You might recall Olympus’ exit from the industry a while back.
It was quite the saga. Tons of rumors flying about and an almost equal number of denials until reality became too hard to ignore and Olympus, a storied brand in the industry by any stretch, announced that a consortium known as Japan Industrial Partners or JIP would be purchasing it.
Now JIP has come for Toshiba, the vaunted consumer electronics brand, among other products. It might not be immediately apparent why JIP would want to add Toshiba to its growing phalanx of brands but, upon closer inspection, and, particularly with regard to the aforementioned Olympus’ product portfolio, it actually makes a lot of sense.
All in all, JIP walked away with Toshiba for $USD 14 billion, a far cry from the company’s heyday when it was competing with the likes of Sony. The Stack notes that, among other ventures, Toshiba’s deep foray into nuclear energy may have hurt it in the wake of the Fukushima disaster.
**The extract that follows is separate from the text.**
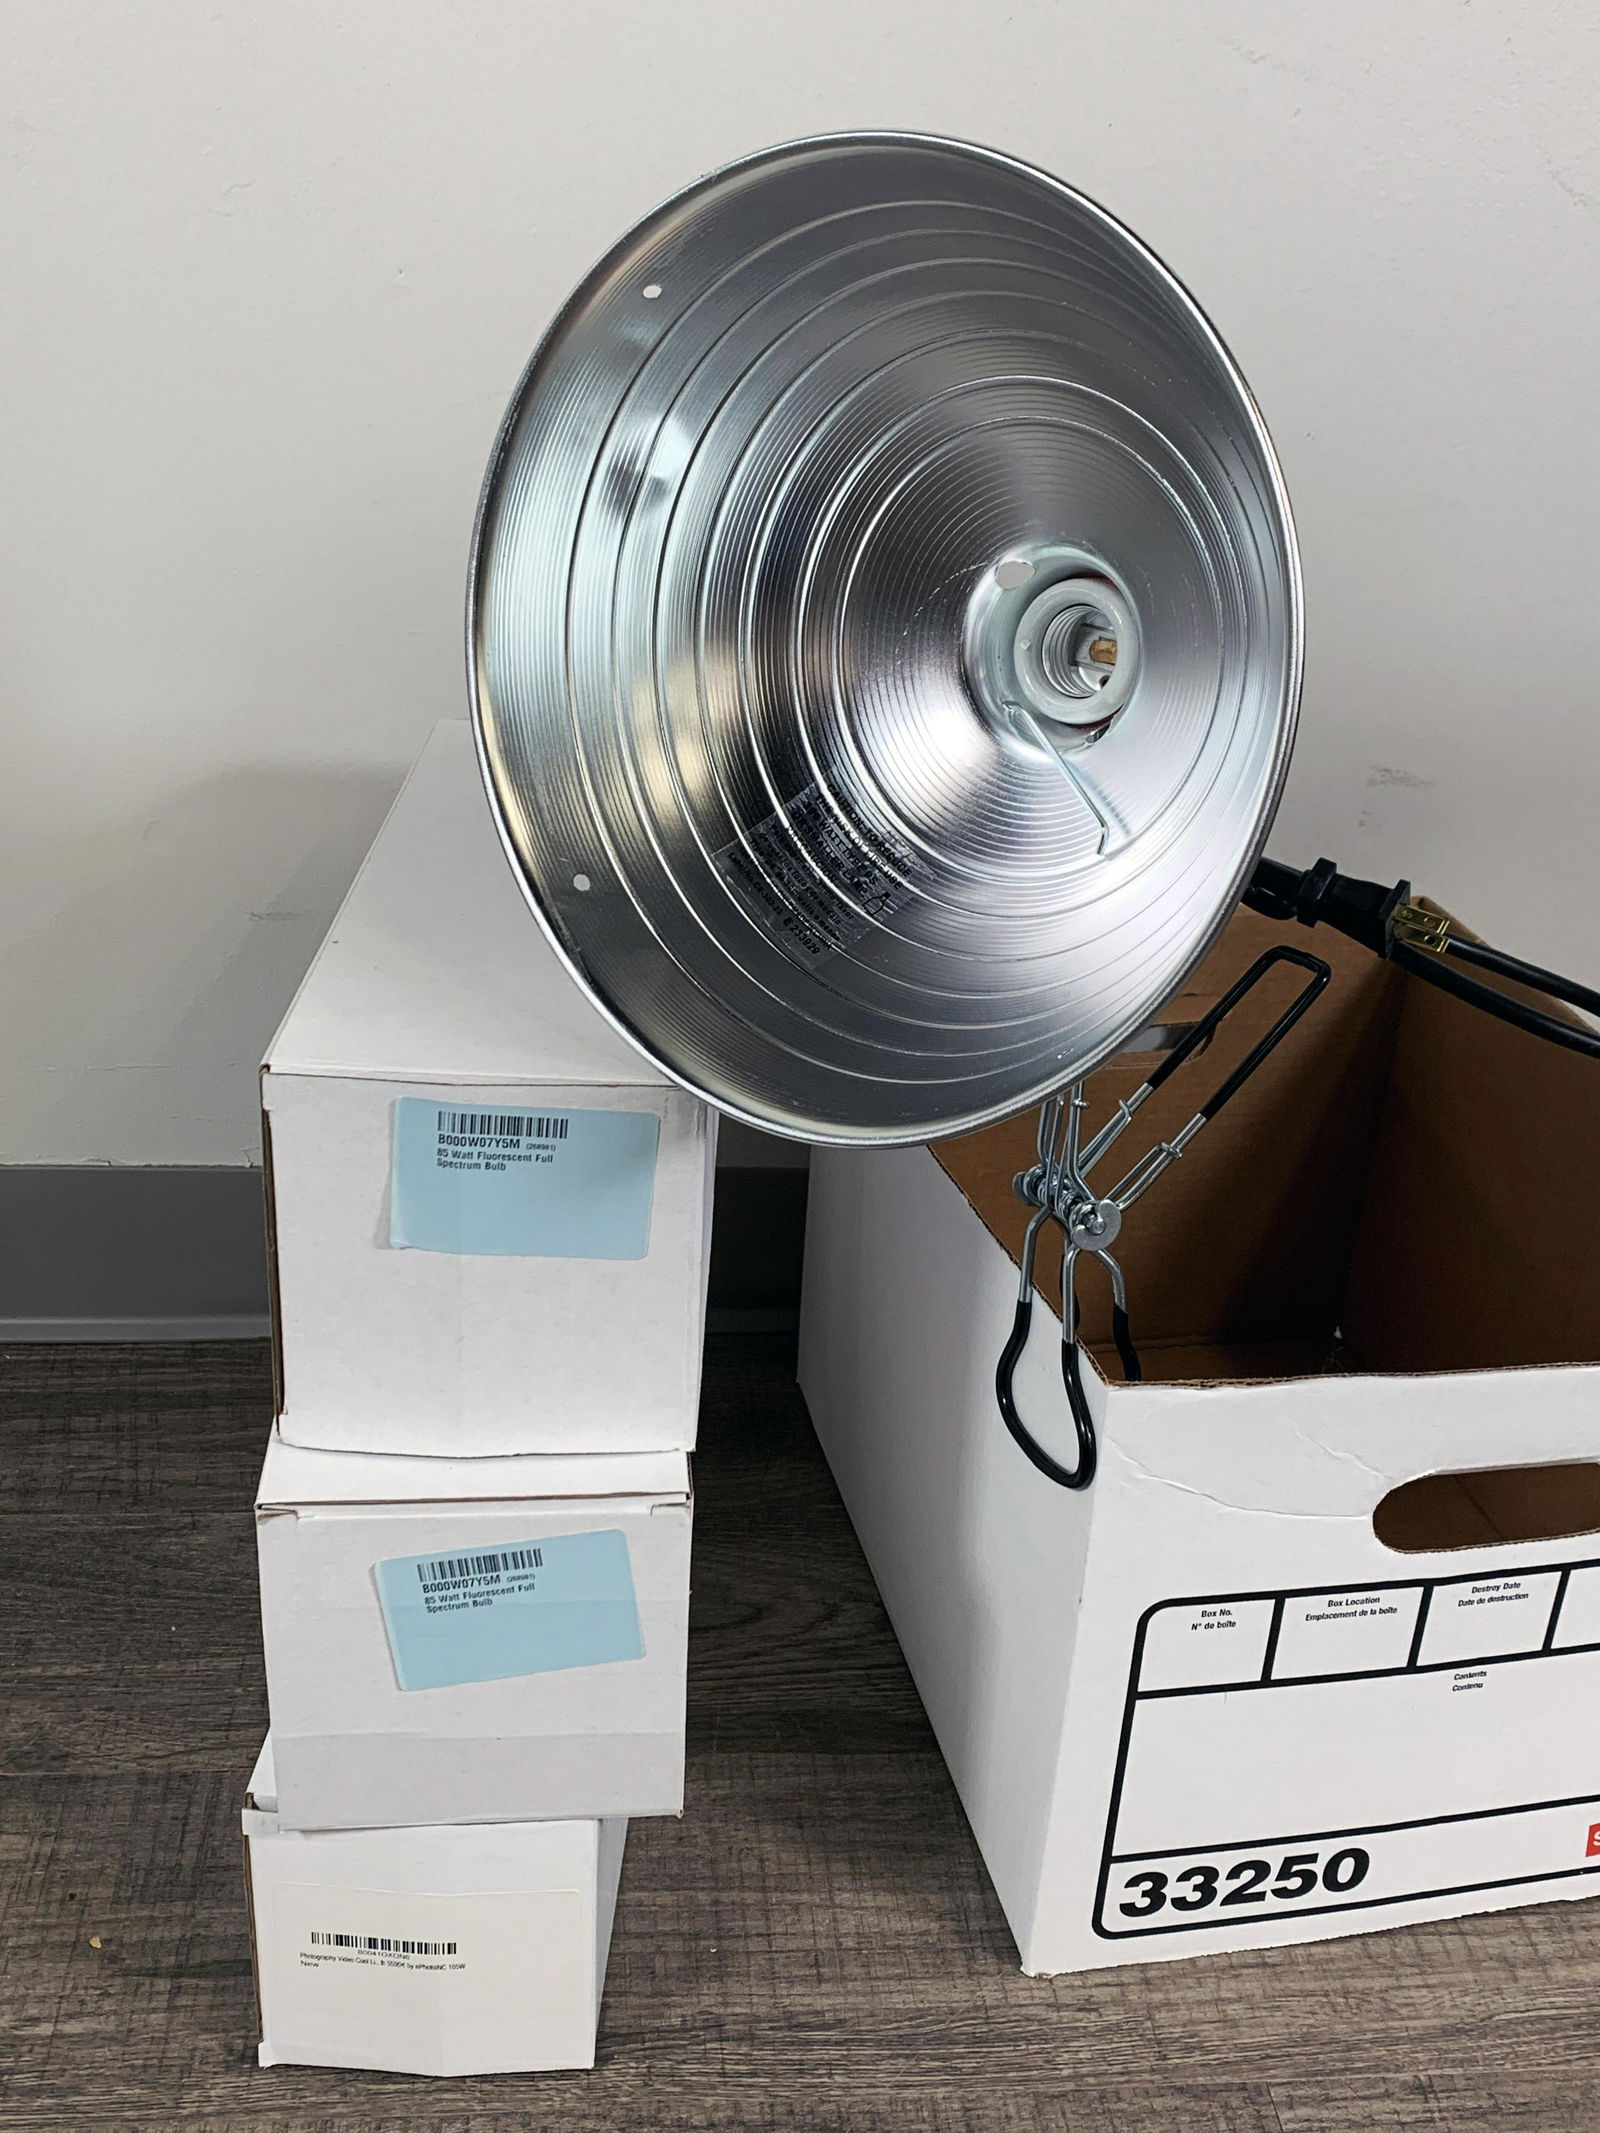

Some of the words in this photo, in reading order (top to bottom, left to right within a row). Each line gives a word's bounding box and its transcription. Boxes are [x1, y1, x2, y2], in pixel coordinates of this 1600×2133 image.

This, coupled with declining brand cachet and increased competitive pressures in core markets, may have ultimately contributed to Toshiba’s need to seek a strategic partnership like that offered by JIP.
“JIP has recognized that despite the fact that there are many major corporations each of which has accumulated sufficient management resources such as a customer base, technology, products and services, and human resources, but which is unable to demonstrate its latent potential because of reasons, such as failure to steadily implement individual measures and operations not running smoothly.”